Mais l’essentiel n’est pas là, il est dans deux choses, sans parler de l’inélégance d’attaquer les morts, qui ne peuvent se défendre. Premièrement, il faut savoir ne pas se tromper d’adversaires. Les obscurantistes que sont les créationnistes ne sont pas les disciples de Jean-Henri Fabre. Ils sont dans des religions qui refusent la science, et malheureusement pas la violence. Deuxièmement, de Jean-Henri Fabre retenons plutôt l’exceptionnel talent de vulgarisateur. Pour finir sur une note poétique et liée à la question de l’évolution, voici l’un de ses commentaires sur la parade nuptiale des scorpions languedociens : La colombe a, dit-on, inventé le baiser. Je lui connais un précurseur : c’est le scorpion.
Jean-Henri Fabre a réussi à me faire regarder les scorpions autrement, c’est pourquoi je me souviens de cette remarque. Aujourd’hui, elle me fait m’interroger : selon la théorie créationniste, parler de précurseur d’une espèce a-t-il un sens ?
Descriptions et mathématiques chez Fabre
Dans ses souvenirs entomologiques, Jean-Henri Fabre dépeint les mœurs des insectes de manière vivante, en les ramenant souvent aux nôtres. Il décrit ainsi le carabe doré en nous emmenant d’abord visiter les abattoirs de Chicago pour comparer ensuite leur efficacité à celles des carabes dont on saisit mieux ainsi la férocité comme la voracité.
Il conclut alors sur nos origines et notre avenir, avec l’abolition de l’esclavage et l’instruction des femmes, les deux voies du progrès moral selon lui. Cette façon de généraliser sera parfois critiquée plus tard, comme peu scientifique. Il est vrai que, par moments, Fabre concluait un peu vite. Par exemple, voici comment il décrit la toile d’une araignée, l’épeire :
Nous reconnaîtrons d’abord que les rayons sont équidistants ; ils forment de l’un à l’autre des angles sensiblement égaux […] les divers tours de spire […] avec les deux rayons qui les limitent, forment d’un côté un angle obtus et de l’autre un angle aigu […] d’un secteur à l’autre, ces mêmes angles, l’obtus comme l’aigu, ne changent pas de valeur, autant que peuvent en juger les scrupules du regard seul.
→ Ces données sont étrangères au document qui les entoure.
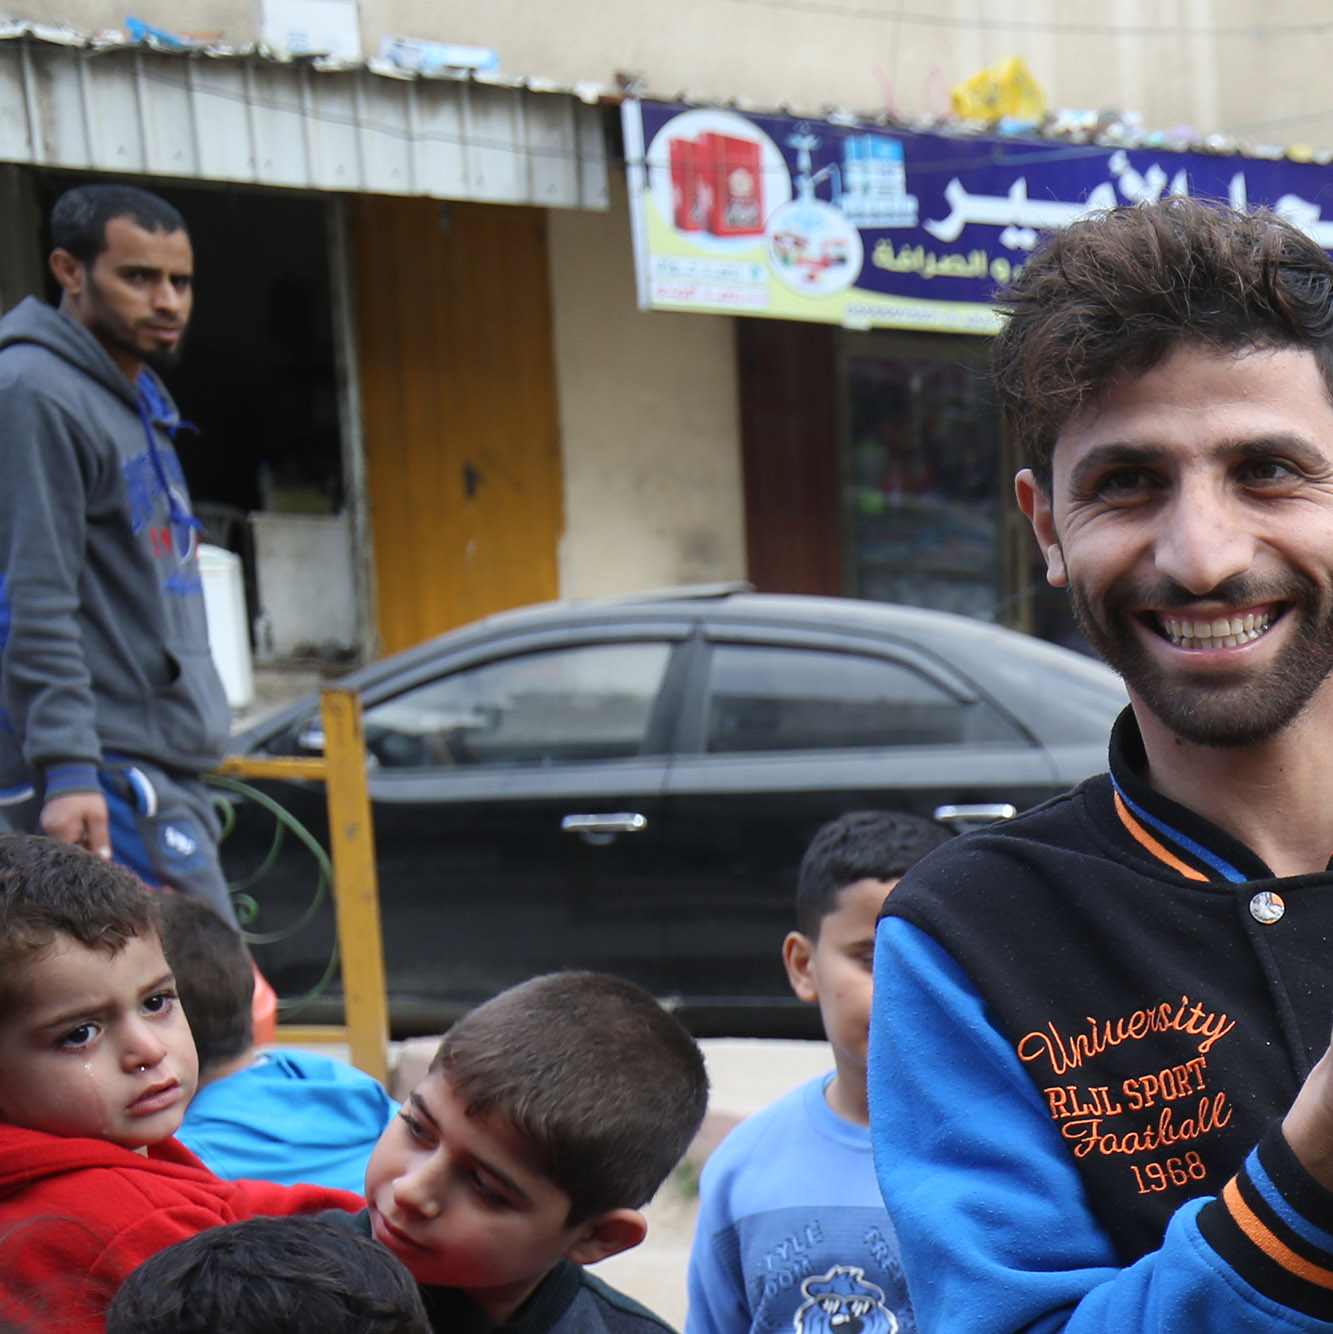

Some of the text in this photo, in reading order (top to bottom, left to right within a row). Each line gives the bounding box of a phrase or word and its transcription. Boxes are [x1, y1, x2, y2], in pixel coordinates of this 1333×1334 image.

Fabre reconnaît alors une propriété caractéristique de la spirale logarithmique et en conclut que la toile de l’épeire épouse cette forme, ce qui est rapide surtout quand la mesure a été faite à l’œil. Ceci dit, cela n’enlève rien à la qualité de son travail, et il n’en reste pas moins que, du fait de sa construction, la toile prend une forme de spirale.
De même, c’est de manière très mathématique qu’il explique la forme de poire que le scarabée sacré donne à la bouse dans laquelle il dépose son œuf : une sphère pour minimiser la surface externe afin de réduire la dessiccation, qui rendrait la bouse immangeable pour la larve, coiffée d’une sorte de cylindre contenant l’œuf, qui se trouve ainsi dans un endroit plus aéré.
Comment comprendre le monde moderne sans culture mathématique ? Accéder à celle-ci n’exige cependant pas d’apprendre à résoudre la moindre équation.